Bachelor of Science - BSc, University of Southampton, U.K

What is melanoma?

Melanoma is a well-studied condition and a major public health threat with 2,341 deaths recorded from 2017-2019 according to Cancer Research UK. However, unlike common skin melanomas, Mucosal melanoma (MM) is less understood and develops from cells called melanocytes found in the mucus membranes of the body, such as the lining of the mouth, nasal passages and the genital areas. Melanocytes are the specialised cells which make melanin, the pigment which gives our skin colour and protects against harmful UV rays. Melanocytes are also found in mucosal tissues, however in regions which are not commonly exposed to sunlight, therefore the exact mechanism of how these cells become cancerous is unknown.1

Currently, the main treatments used including surgery and radiation have had minimal success in improving survival rates. Researchers are looking into whether adding chemotherapy to current treatment plans could help improve the prognosis of the disease.

In this article we will explore whether chemotherapy could lead to effective treatment of the disease, discussing the challenges and current studies to find a better treatment.2 

Understanding mucosal melanoma and its symptoms

1.3% of all melanomas are mucosal melanomas (MM). Mucosal melanomas (MM) is a rare form of skin cancer (melanoma) which occurs in the melanocytes of the mucosal lining in the body, which can lead to tumours forming in internal tissues.5 

Skin melanomas are often quite easy to spot in skin manifestations such as moles changing shape, size or colour. However,  mucosal melanomas are often hidden away and within the tissues of the body therefore, they go unnoticed until it is too late. Making the diagnosis of MM very challenging and hard to achieve at an early stage. Therefore they are usually discovered within patients once they have already taken on an advanced form and have spread to lymph nodes and major organs. This makes treatment all the more challenging.5

MM is often a very aggressive form of cancer and typically has a very poor prognosis. The survival rate for MM is often pretty low ranging from around 10-20% over a five year period. Although typical therapies such as surgery and radiation treatment are not particularly effective at treating this disease there has been research into novel therapies which could improve patient outcomes such as adjuvant chemotherapy.5

Recently, scientists have been able to identify the genetic characteristics of MM and where it differs from common skin melanomas. It was found to have a lower frequency of mutations in the BRAF gene, mutations which are highly prevalent in skin melanoma. A higher occurrence of mutations was found in the KIT gene. This new information is being implemented into the ongoing clinical trial research into treatment strategies for the condition and could help lead us to breakthroughs.5 

What is chemotherapy?

Chemotherapy, is a vital component of cancer treatments, but how does it actually work to fight cancer?

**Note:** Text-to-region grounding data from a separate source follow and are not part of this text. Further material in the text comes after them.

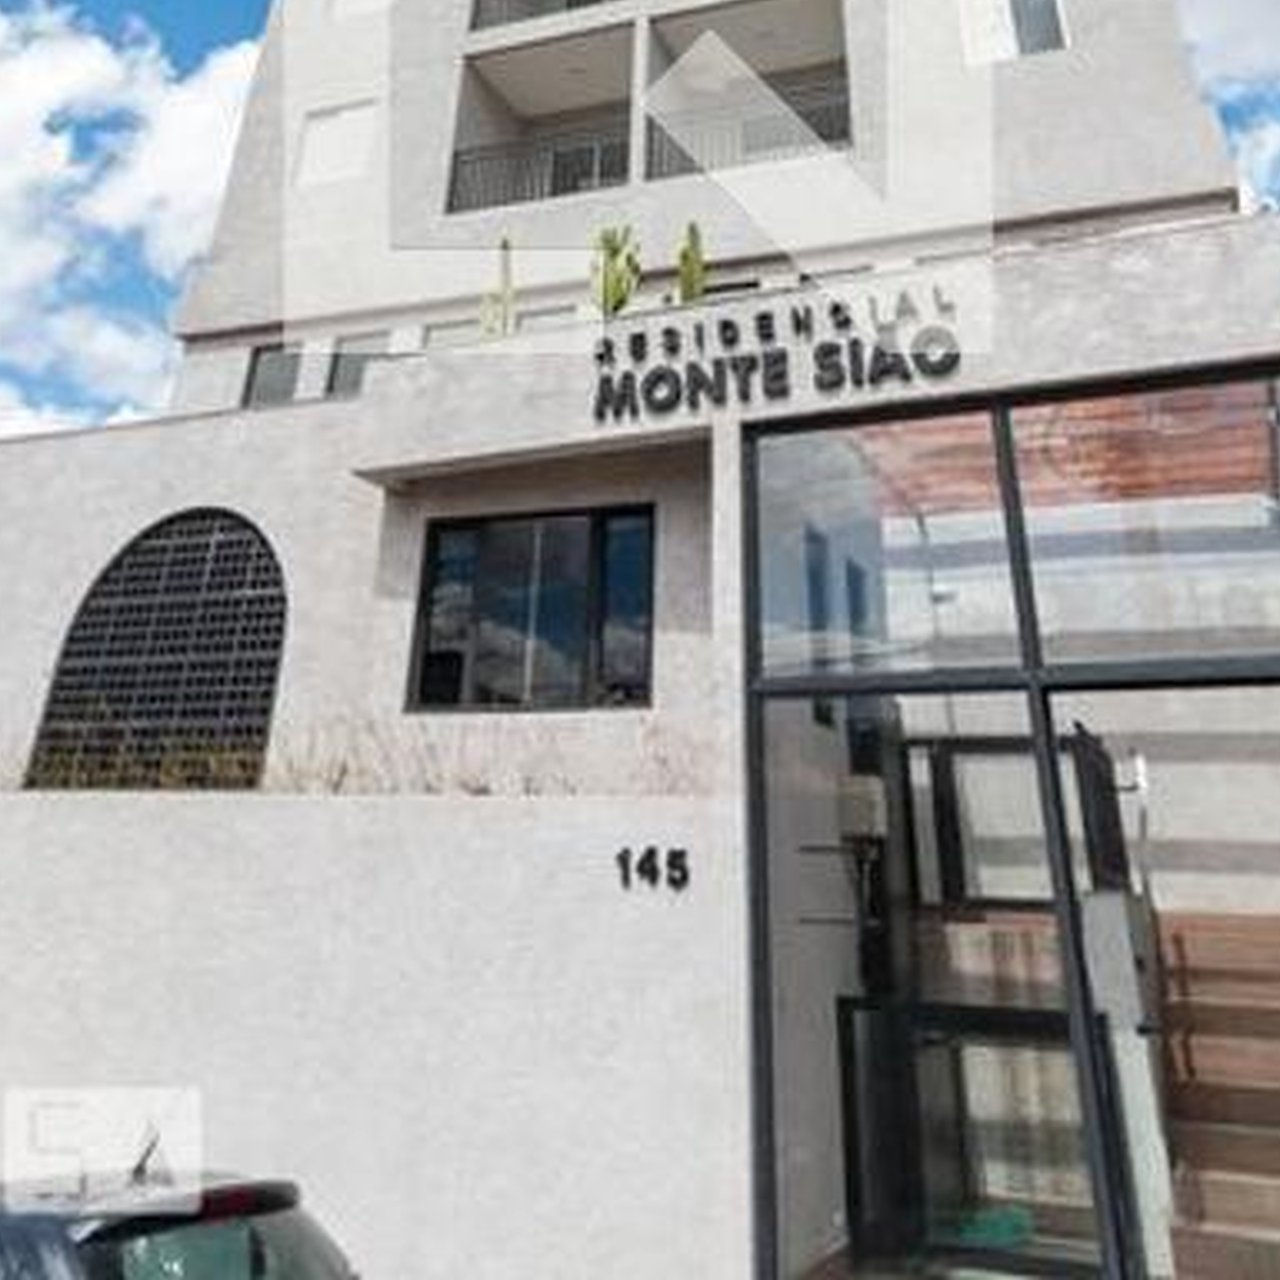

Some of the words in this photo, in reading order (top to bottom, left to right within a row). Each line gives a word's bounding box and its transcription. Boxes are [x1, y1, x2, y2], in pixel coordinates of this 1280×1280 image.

[594, 283, 956, 366] RESIDENCIAL
[594, 346, 789, 422] MONTE
[617, 845, 689, 891] 145
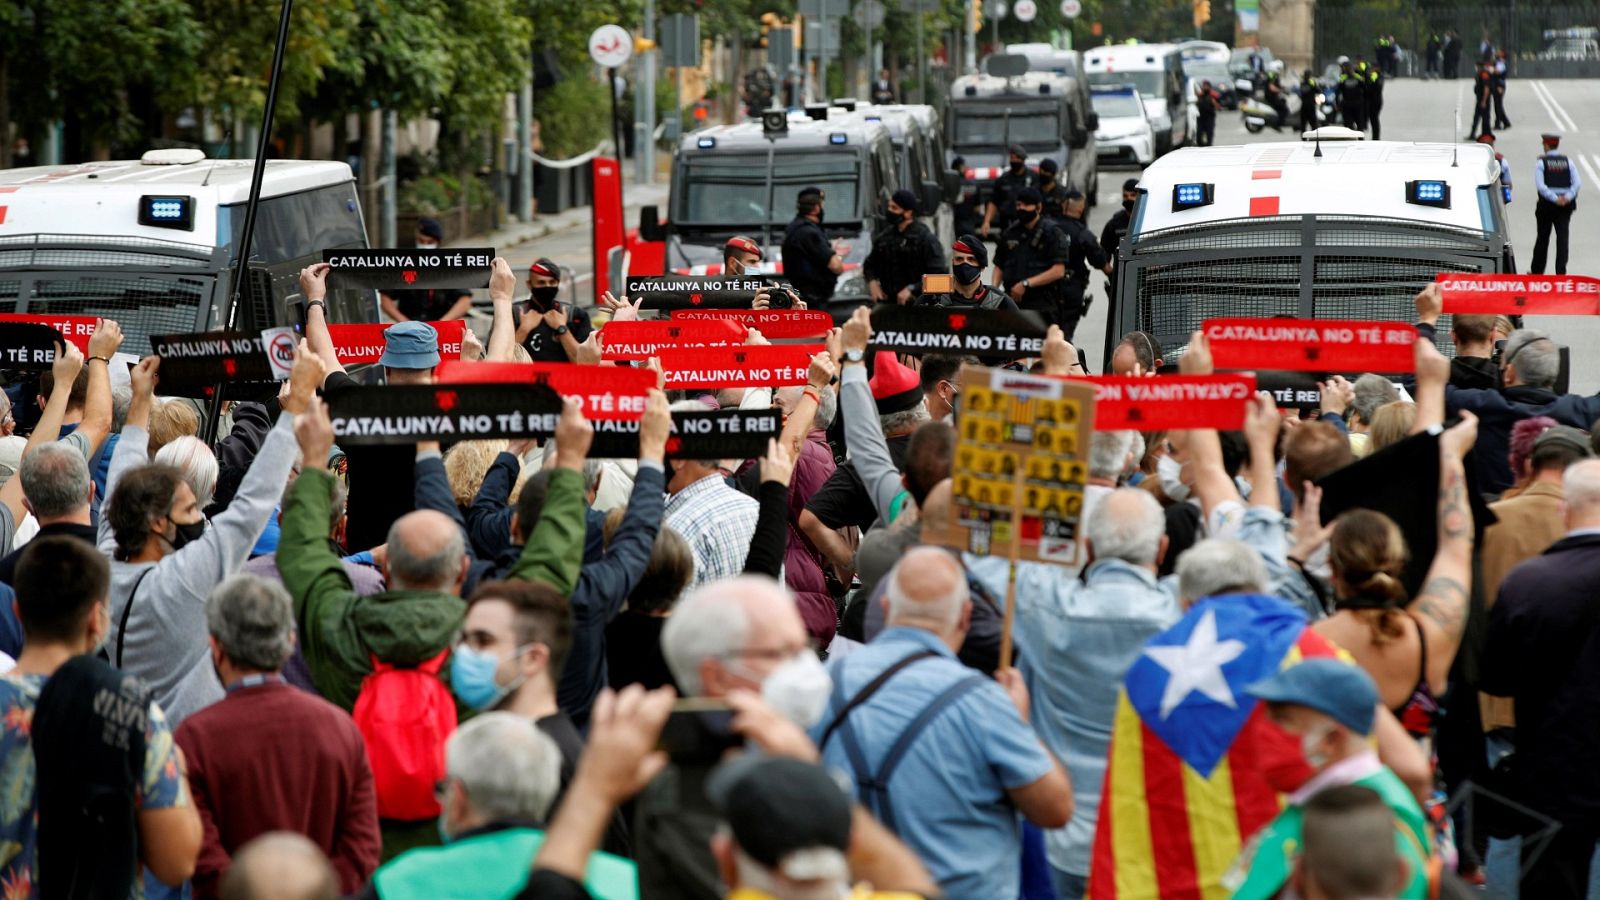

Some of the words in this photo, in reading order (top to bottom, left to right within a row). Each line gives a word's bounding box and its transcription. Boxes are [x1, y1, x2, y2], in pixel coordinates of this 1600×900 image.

[329, 256, 414, 268] CATALUNYA
[419, 256, 440, 267] NO
[445, 252, 462, 267] TÉ
[467, 254, 489, 267] REI
[630, 281, 700, 292] CATALUNYA
[704, 281, 722, 291] NO
[725, 278, 741, 291] TÉ
[744, 280, 762, 290] REI
[1440, 279, 1526, 292] CATALUNYA
[1528, 281, 1552, 292] NO
[1554, 279, 1574, 293] TÉ
[676, 312, 757, 324] CATALUNYA
[760, 314, 779, 323] NO
[783, 311, 800, 321] TÉ
[804, 313, 826, 321] REI
[53, 320, 71, 335] TÉ
[76, 324, 95, 335] RE
[1207, 325, 1320, 342] CATALUNYA
[1323, 328, 1353, 343] NO
[1357, 327, 1382, 344] TÉ
[158, 340, 232, 359] CATALUNYA
[232, 337, 253, 355] NO
[443, 343, 460, 353] RE
[965, 335, 991, 350] NO
[995, 334, 1016, 350] TÉ
[1020, 338, 1045, 351] RE
[7, 346, 28, 362] TÉ
[33, 349, 54, 363] RE
[664, 370, 746, 382] CATALUNYA
[750, 369, 770, 380] NO
[774, 366, 792, 380] TÉ
[1126, 382, 1249, 401] CATALUNYA
[1274, 386, 1293, 402] TÉ
[1296, 390, 1320, 403] REI
[588, 391, 615, 411] TÉ
[333, 415, 455, 435] CATALUNYA
[459, 416, 492, 433] NO
[497, 410, 524, 431] TÉ
[684, 418, 712, 433] NO
[717, 414, 741, 432] TÉ
[745, 416, 776, 431] REI
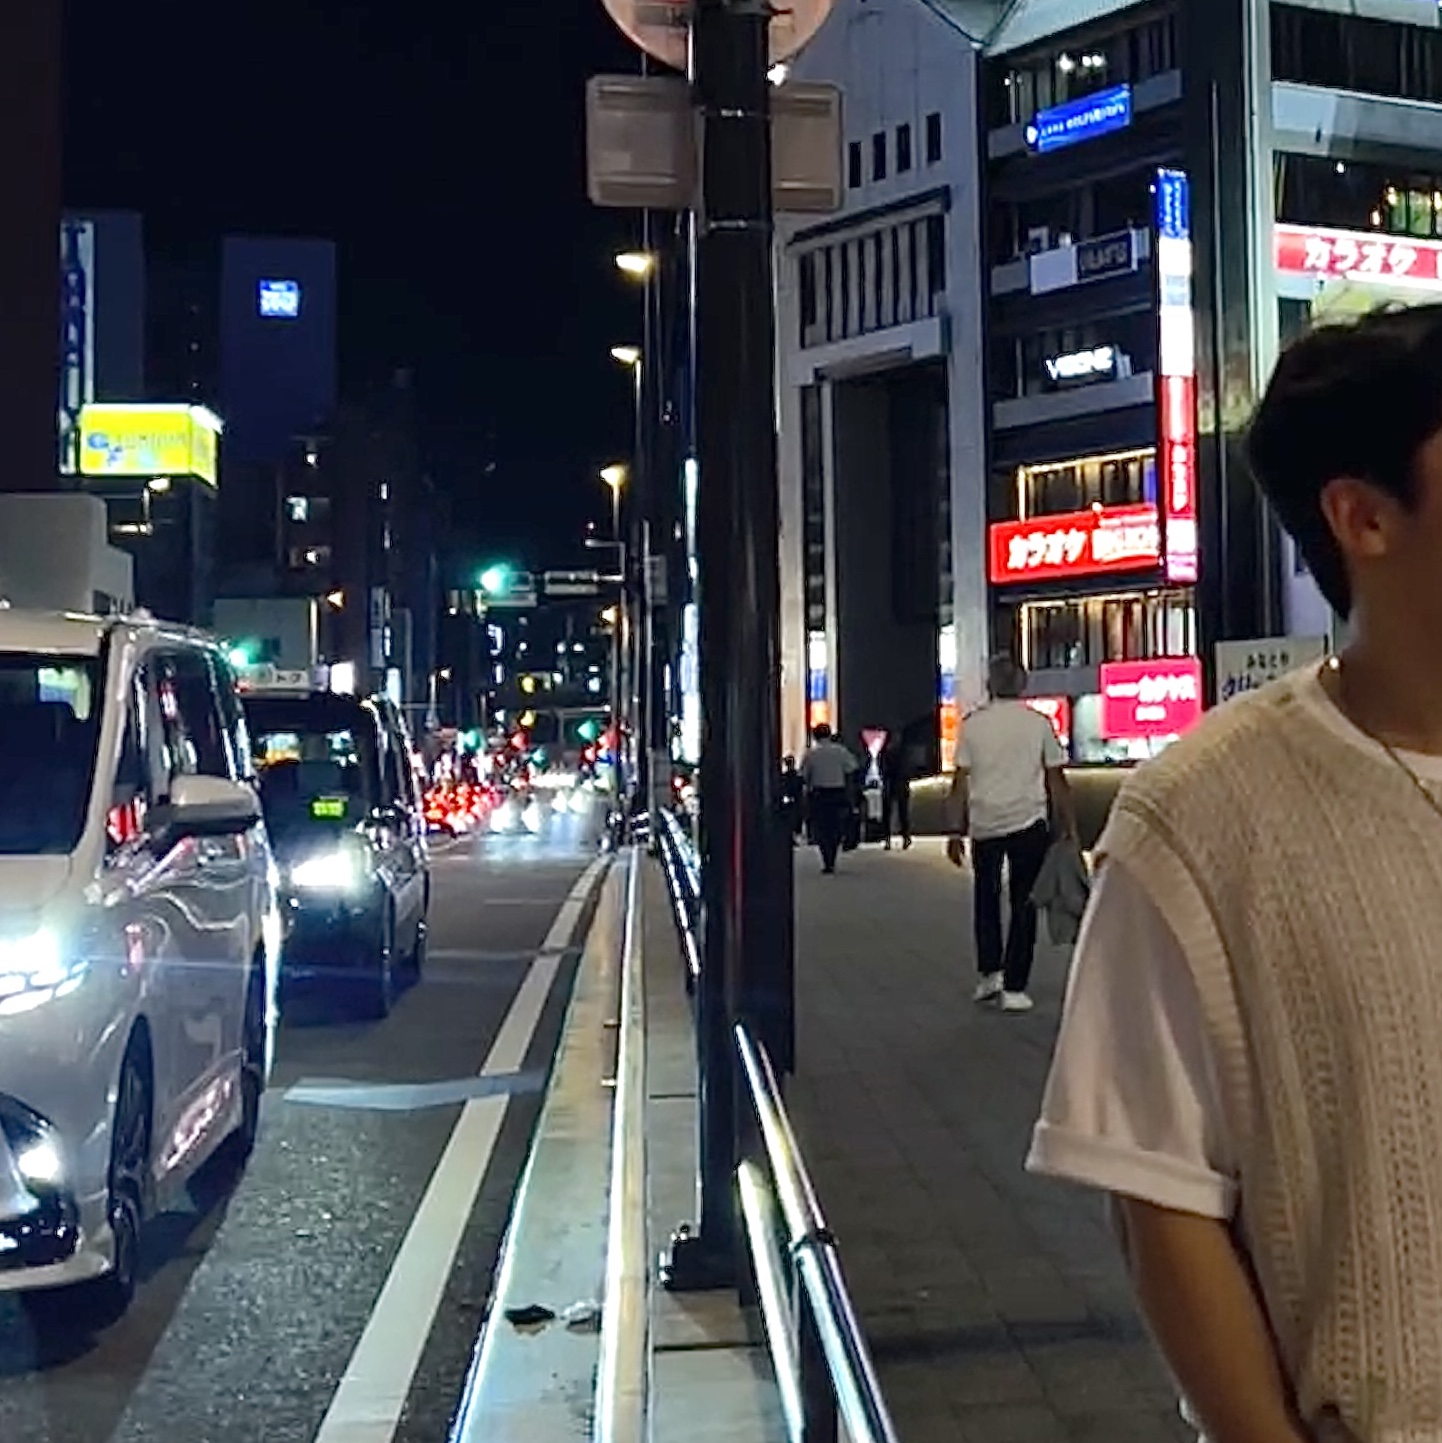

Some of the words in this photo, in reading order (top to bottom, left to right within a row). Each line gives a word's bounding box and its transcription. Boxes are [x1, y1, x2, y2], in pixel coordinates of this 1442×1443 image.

[1304, 236, 1417, 276] カラオケ
[1008, 528, 1087, 568] カラオケ
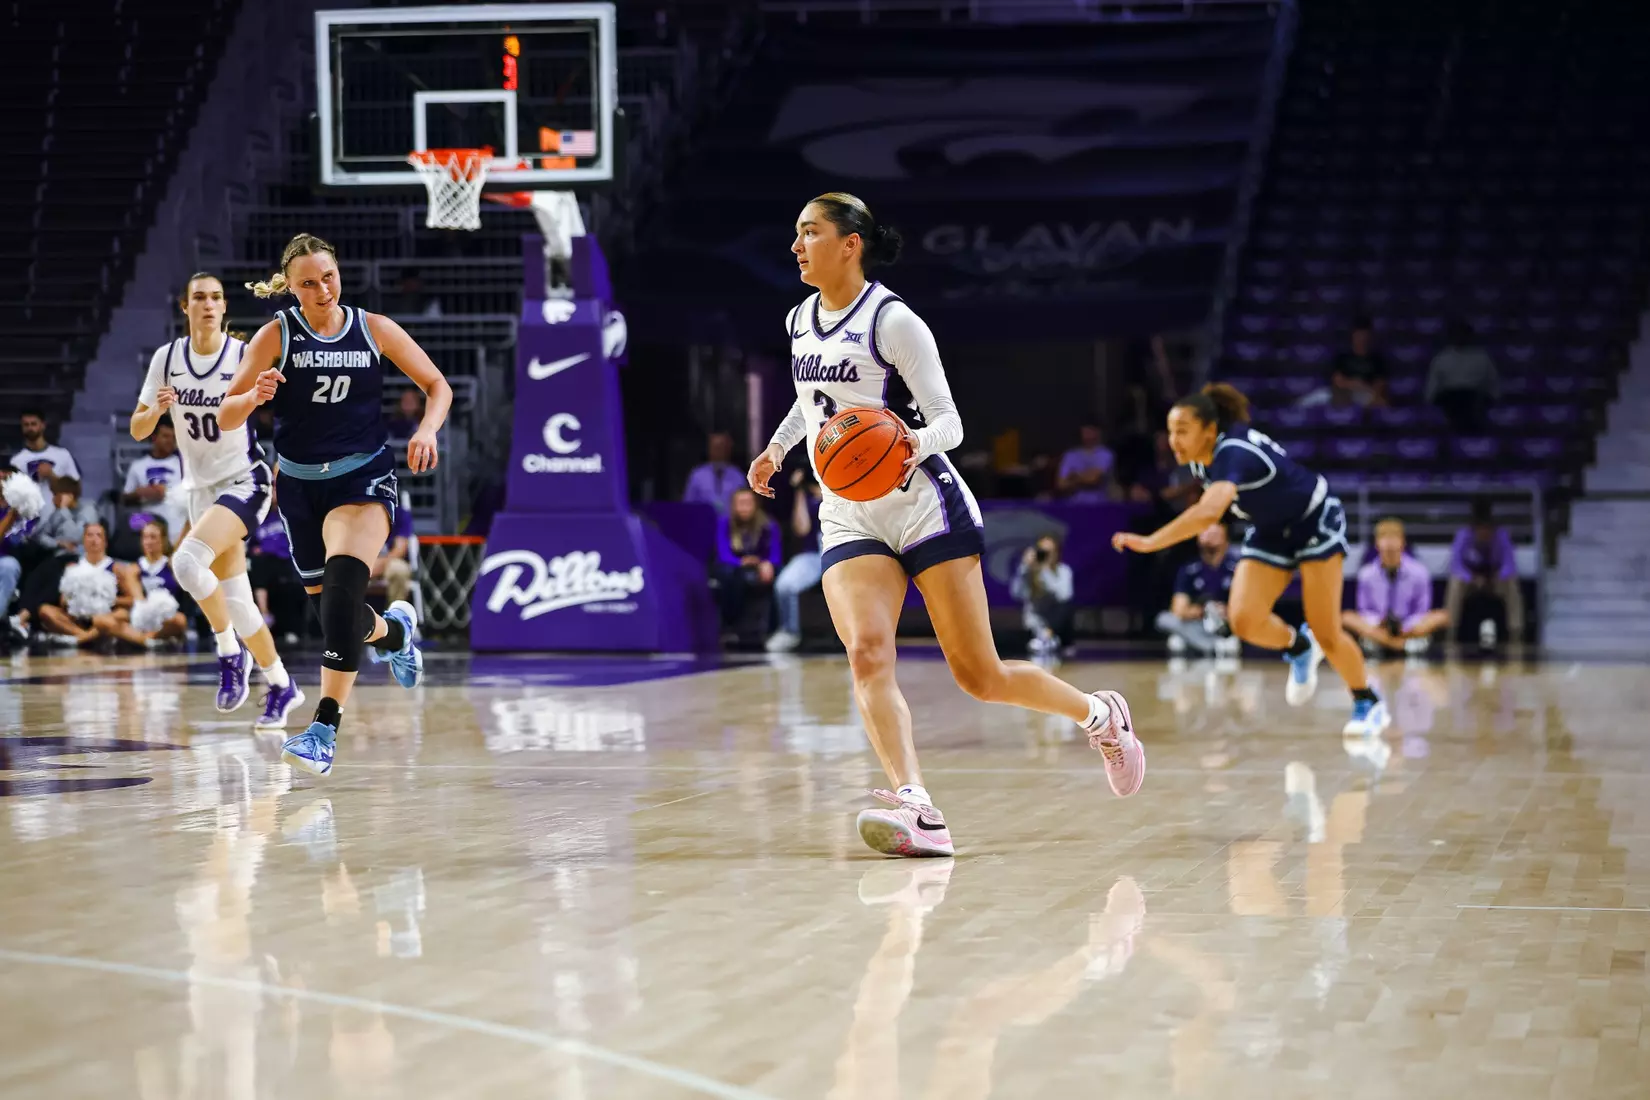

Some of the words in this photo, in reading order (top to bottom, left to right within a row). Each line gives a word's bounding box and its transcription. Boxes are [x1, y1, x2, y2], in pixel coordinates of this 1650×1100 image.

Chemotherapy is a course of powerful drugs which have the ability to stop the growth and division of cancerous cells in the body which create tumours. The aim of the treatment is to decrease the size of tumours and potentially slow down the cancer's progression. Although it is a very effective treatment it comes with many adverse effects due to destroying normal safe cells such as in the hair, bone marrow (where immune cells are formed) and digestive tract. It can cause hair loss, nausea and an increased susceptibility to infections.3

Chemotherapy drug types

There are many different types of chemotherapy drugs which combat cancer through varying mechanisms. 

Alkylating agents

Alkylating agents are one of the main groups and these include drugs such as cyclophosphamide and temozolomide, these have the ability to destroy the DNA of cancer cells which stops them from multiplying and spreading throughout the body. 

Anthracyclines

Anthracyclines, such as doxorubicin, which affect DNA in cancer cells by inserting themselves into the DNA strands of dangerous cells. Alongside that they have the ability to kill cancer cells through the generation of free radicals.3 Chemotherapy is often used alongside other treatments such as surgery to remove tumours and radiation therapy to treat cancer patients. 

Clinical research on use of chemotherapy to treat  mucosal melanoma 

A case study looked at the effects of chemotherapy treatment on an 82-year-old woman with advanced stage mucosal melanoma. The treatment was employed after radiation to try and decrease the spread of cancer and the drug trofosfamide was used due to its effectiveness and the likelihood that it would not cause severe adverse effects. Trofosfamide works by interfering with cancer cell DNA and stopping the multiplication of cancer cells. 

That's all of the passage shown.